▶ **Task instructions**
For this exercise, write each entry below out precisely and omit the pictures.

▶ **Data for this task**
**********

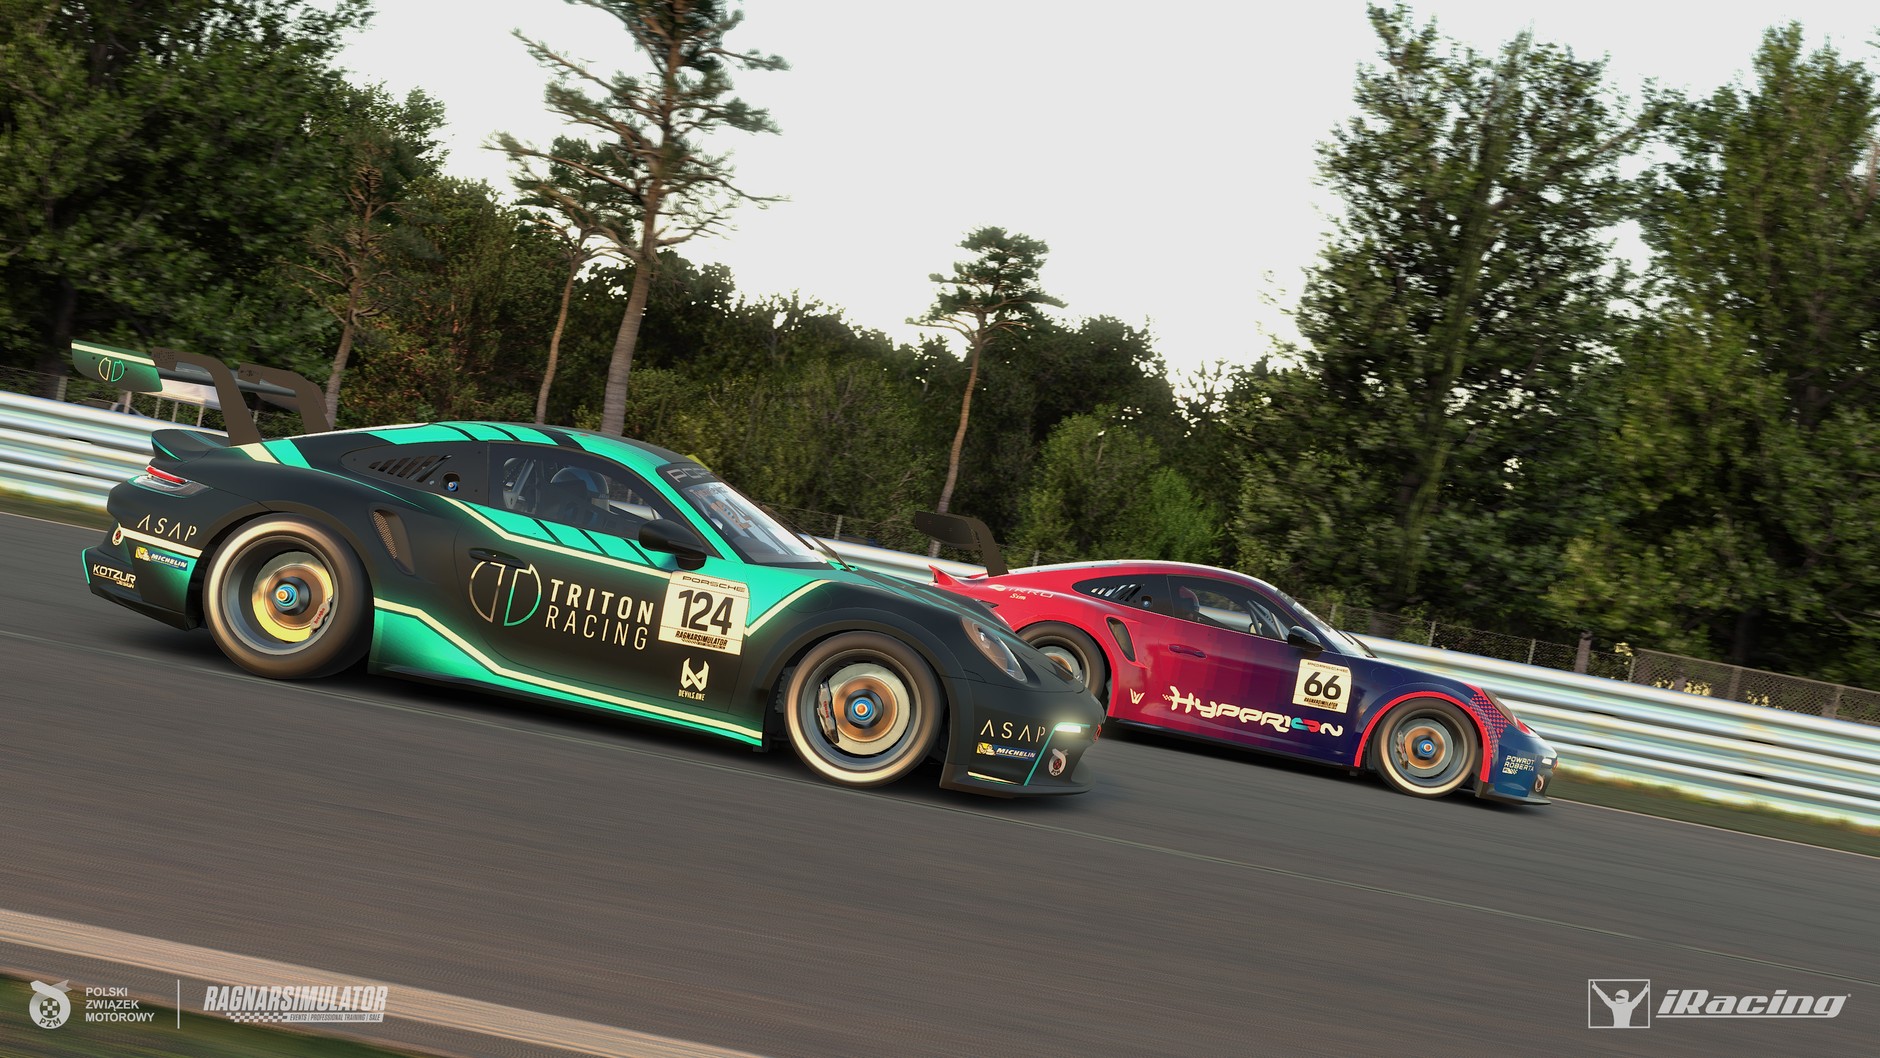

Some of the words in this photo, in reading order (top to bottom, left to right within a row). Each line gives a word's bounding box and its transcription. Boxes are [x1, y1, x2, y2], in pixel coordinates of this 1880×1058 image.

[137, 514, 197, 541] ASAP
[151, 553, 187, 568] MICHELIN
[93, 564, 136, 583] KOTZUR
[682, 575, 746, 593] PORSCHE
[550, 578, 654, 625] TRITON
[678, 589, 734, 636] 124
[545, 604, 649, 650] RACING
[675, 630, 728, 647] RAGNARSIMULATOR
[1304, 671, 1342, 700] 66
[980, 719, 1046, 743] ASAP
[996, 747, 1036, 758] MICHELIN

**********

▶ **Response to this exercise**
Some of the words in this photo, in reading order (top to bottom, left to right within a row). Each line gives a word's bounding box and its transcription. Boxes are [x1, y1, x2, y2], in pixel coordinates of this 1880×1058 image.

[137, 514, 197, 541] ASAP
[151, 553, 187, 568] MICHELIN
[93, 564, 136, 583] KOTZUR
[682, 575, 746, 593] PORSCHE
[550, 578, 654, 625] TRITON
[678, 589, 734, 636] 124
[545, 604, 649, 650] RACING
[675, 630, 728, 647] RAGNARSIMULATOR
[1304, 671, 1342, 700] 66
[980, 719, 1046, 743] ASAP
[996, 747, 1036, 758] MICHELIN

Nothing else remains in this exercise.